Evito di guardare di nuovo la persona che sento mi sta studiando, mentre i miei occhi pizzicano, bruciano e poi si riempiono di lacrime.
La verità è che vorrei mettermi a urlare. Lasciare uscire tutto quanto quello che ho provato dopo anni di accumulo. Ma lui ha una vita, ha deciso subito da che parte stare, e io non lo posso fare. Non ho più alcun diritto su di lui. Non ne ho mai avuto. Era tutto un gioco, una scommessa, una bugia che mi ha fatto capitolare nell'ombra e poi cambiare. Allora richiudo dentro ogni istante che tenta di riaffiorare nella memoria, ogni emozione folle e incontrollabile provata, ripetendomi che è passato, che sto bene, che non mi fa soffrire, che non provo dolore, che merito di meglio e ho già di meglio accanto. Mi ripeto che sono guarita da quella ferita mortale e che niente sarà paragonato alla mia indifferenza. Perché sarà la mia unica arma utile.
«Erin, stai bene?»
Annaspo in cerca d'aria poi sento il pianto isterico della bambina e ritorno in questa strada dove le persone si stanno raccogliendo in silenzio e in attesa di un miracolo senza fare niente, se non assistere parlando tra loro, agitandosi.
«Dobbiamo fare qualcosa», dico in uno stato di incoscienza. E senza perdere altro tempo, non facendomi cogliere dal panico, prendendo in mano la situazione, corro verso la bambina.
Bradley mi raggiunge svelto. «Non posso fare molto con la fasciatura. Io ti dico cosa controllare prima di prenderla in braccio e tu esegui, ok?»
Avevo dimenticato questo dettaglio. Bradley è anche un paramedico. Ricordo come ha curato la mia ferita alla spalla, il suo tocco delicato sulla pelle.
«Conosco le manovre, tu pensa alla folla. Io mi occupo della bambina.»
Mi guarda un momento di troppo, come se potessi cadere in tanti piccoli pezzi da un momento all'altro e sparpagliarmi nel mondo svanendo sotto i suoi stessi occhi. Ma c'è anche dell'altro, forse ammirazione e questo mi aiuta, mi dà la carica. Averlo conosciuto mi dà la forza di andare avanti, di credere nel futuro.

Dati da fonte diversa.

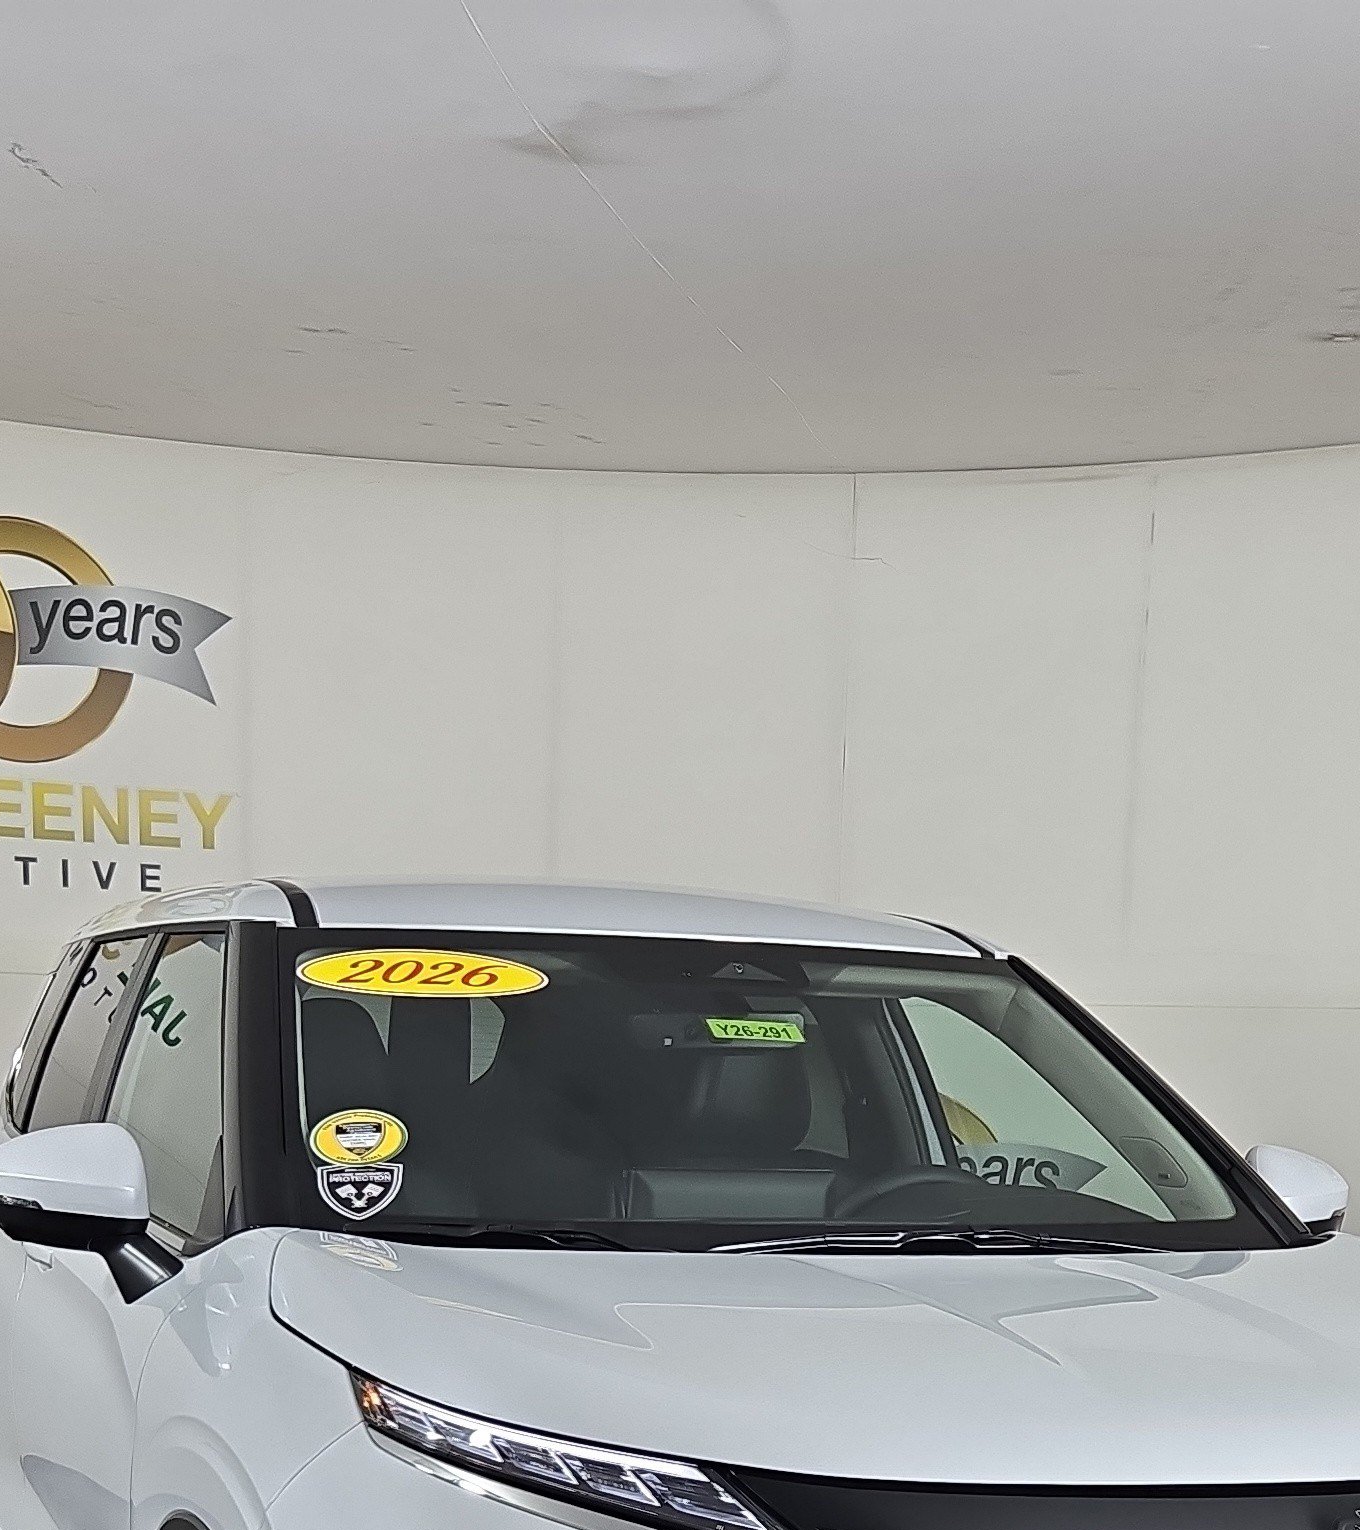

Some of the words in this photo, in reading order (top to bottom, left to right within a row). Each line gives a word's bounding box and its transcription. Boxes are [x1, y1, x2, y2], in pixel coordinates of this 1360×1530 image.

«Ok», rialzandosi, valuta in fretta la situazione. Shannon urla qualcosa nella nostra direzione e lui si rivolge alle persone che tentano di scattare foto e tanto altro facendole allontanare dalla scena. Infine, con una calma che me lo fa amare maggiormente, chiama un'ambulanza e ancora con fare pratico, si avvicina alla donna valutando i danni. Parla con Shannon e al telefono per qualche istante informando che sul posto ci sono già due medici, prima di raggiungermi.
La bambina piange, prendo forte un respiro e con molta delicatezza controllo che non sia ferita o che non abbia subito traumi e liberandola dal passeggino la prendo in braccio dando le spalle alla scena, cullando la piccola che in breve smette di piangere disperata e mi si aggrappa con la manina paffuta al seno. Le sfioro il viso sussurrandole che andrà tutto bene.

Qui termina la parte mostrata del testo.